We’ve all experienced “gut feelings,” knowing something about a situation through intuition, with no logical or intellectual proof. There are many accounts of gut feelings saving lives, or otherwise helping people. It’s a known quality of human experience. Recently, however, researchers have found that “gut feeling” is a term more literal than we ever thought: gut feelings come from your actual gut.
A new paper in the journal Physiology by psychology professor Linda Rinaman at Florida State University concludes that gut-to-brain signals are responsible for a large part of our behavior, decisions, and emotions—especially related to avoiding harmful situations. It’s an old defense mechanism, and one that we share with our mammalian cousins.

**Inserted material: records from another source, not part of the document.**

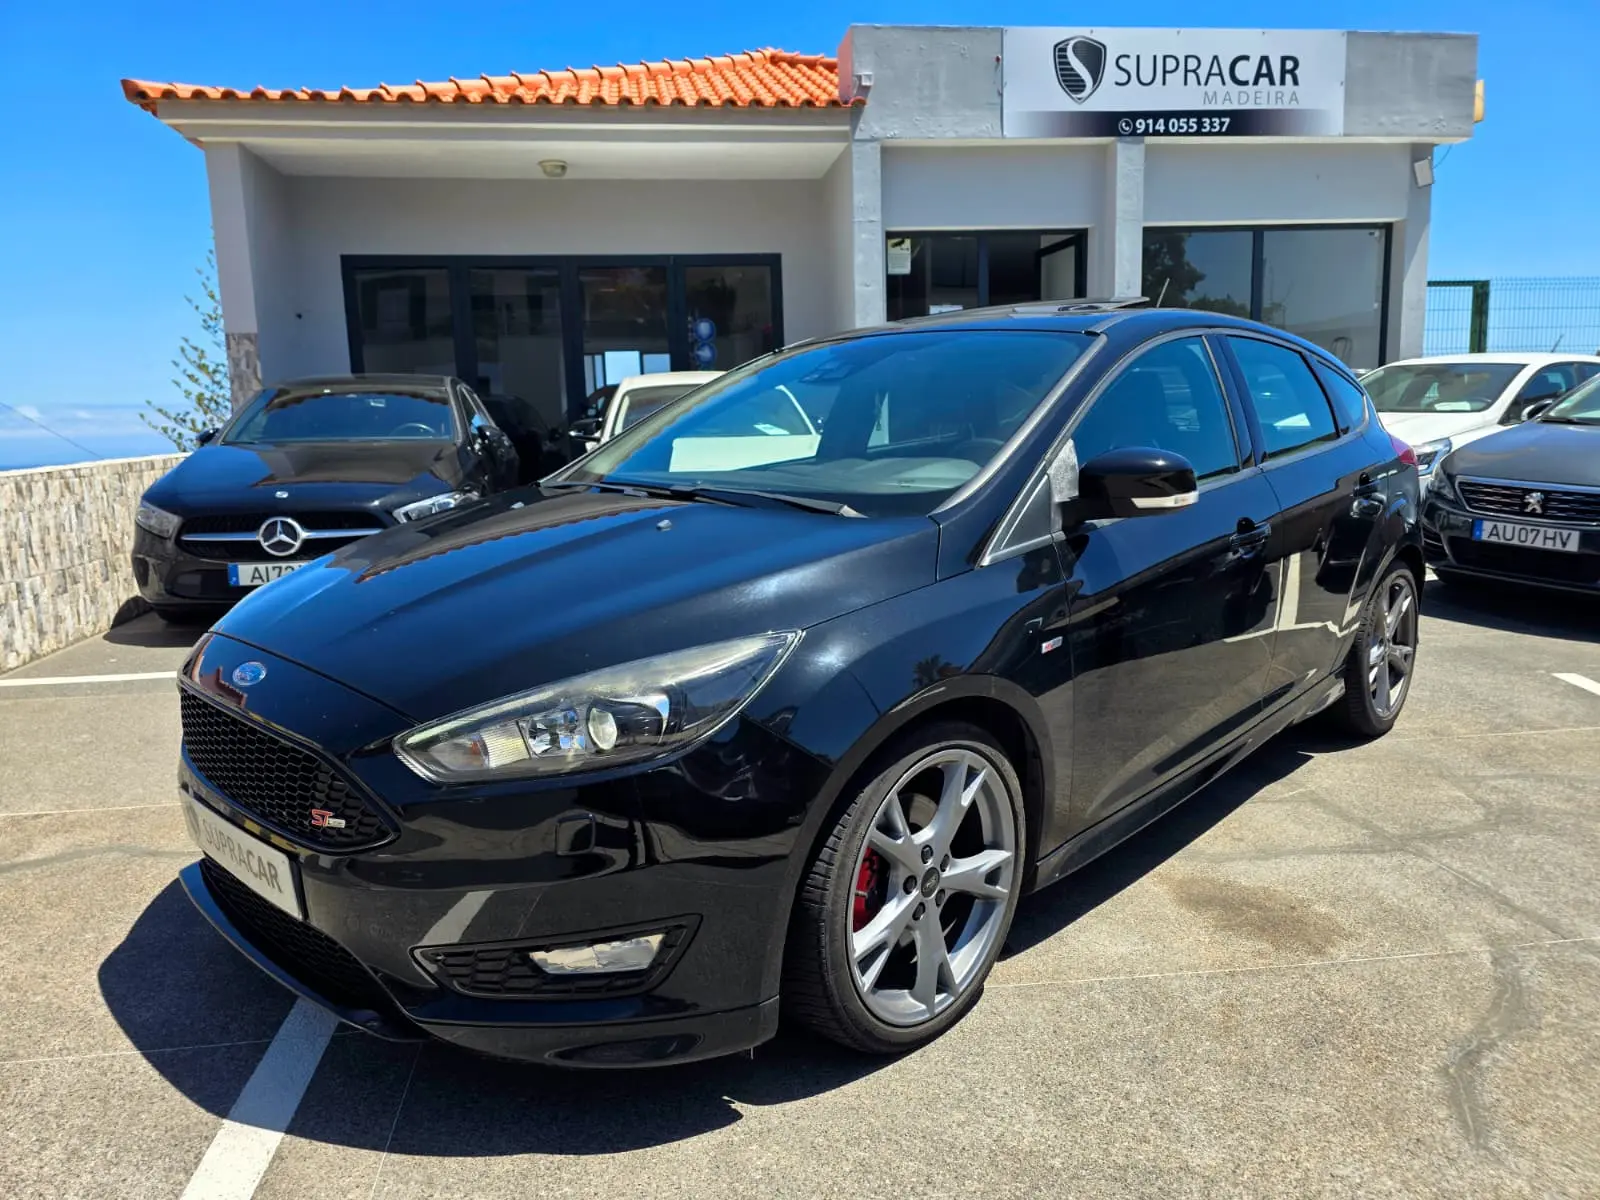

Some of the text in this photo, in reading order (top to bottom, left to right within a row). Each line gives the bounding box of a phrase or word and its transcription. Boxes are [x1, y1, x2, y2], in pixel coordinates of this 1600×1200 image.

[1114, 54, 1300, 87] SUPRACAR
[1203, 90, 1300, 105] MADEIRA
[1135, 117, 1231, 134] 914 055 337
[1487, 523, 1572, 549] AU07HV
[202, 818, 283, 894] SUPRACAR

The more we learn about our digestive system, the stranger it becomes. Far from being just where the food goes in and from where the rest goes out, our guts have incredible impacts on our states of mind and our cognitive ability. The human body is a whole greater than the sum of its parts.
The mechanism by which the mind-gut communication occurs is the vagus nerve, a long, winding nerve that runs through our chest and abdomen. The vagus nerve monitors and regulates heart rate, hormone levels, immune system functions, and digestion. It’s a two way communicator also, so not only does it bring messages from the brain to our other organs, but it allows our other internal organs to send messages to our brain. That includes those gut feelings, sometimes described as feeling something in the pit of your stomach. That’s exactly what you’re feeling.
The study says that these gut feelings are a powerful factor in our behavior and decision making process in response to worrisome and threatening stimuli. The defense mechanism usually prompts us to slow down and reassess whatever dangerous situation we’re in.
Like any system, however, it can get get thrown out of whack. It being our gut, it’s thrown out of whack by the things we eat. Evidence suggests that a poor diet can impact your mood and behavior, worsening conditions like anxiety and depression and impairing your ability to make correct decisions in dangerous situations. The extent of this is not yet well understood. Linda Rinaman explained:
Evidence shows that modifying the diet, perhaps by consuming probiotics, can impact your mood and behavioral state…But how does that work? Does it involve the microbiome that you feed in your gut and how those bacteria send signals back to the brain through the vagus nerve? That area of research has exploded in the last few years and, currently, there are many more questions than answers.
There are lots of other mysteries at play here too. For instance, in patients with depression who do not respond positively to medication, putting a pacemaker-like device into their gut which delivers small electric jolts to the vagus nerve has been highly effective at treating depression when other therapies have failed. Scientists do not know why it works.
It seems the more we learn about ourselves the more questions arise and the more mystifying the answers become. Will we ever know the extent of how our own bodies work? Maybe, or maybe not. Regardless, take care of your gut. It could save your life.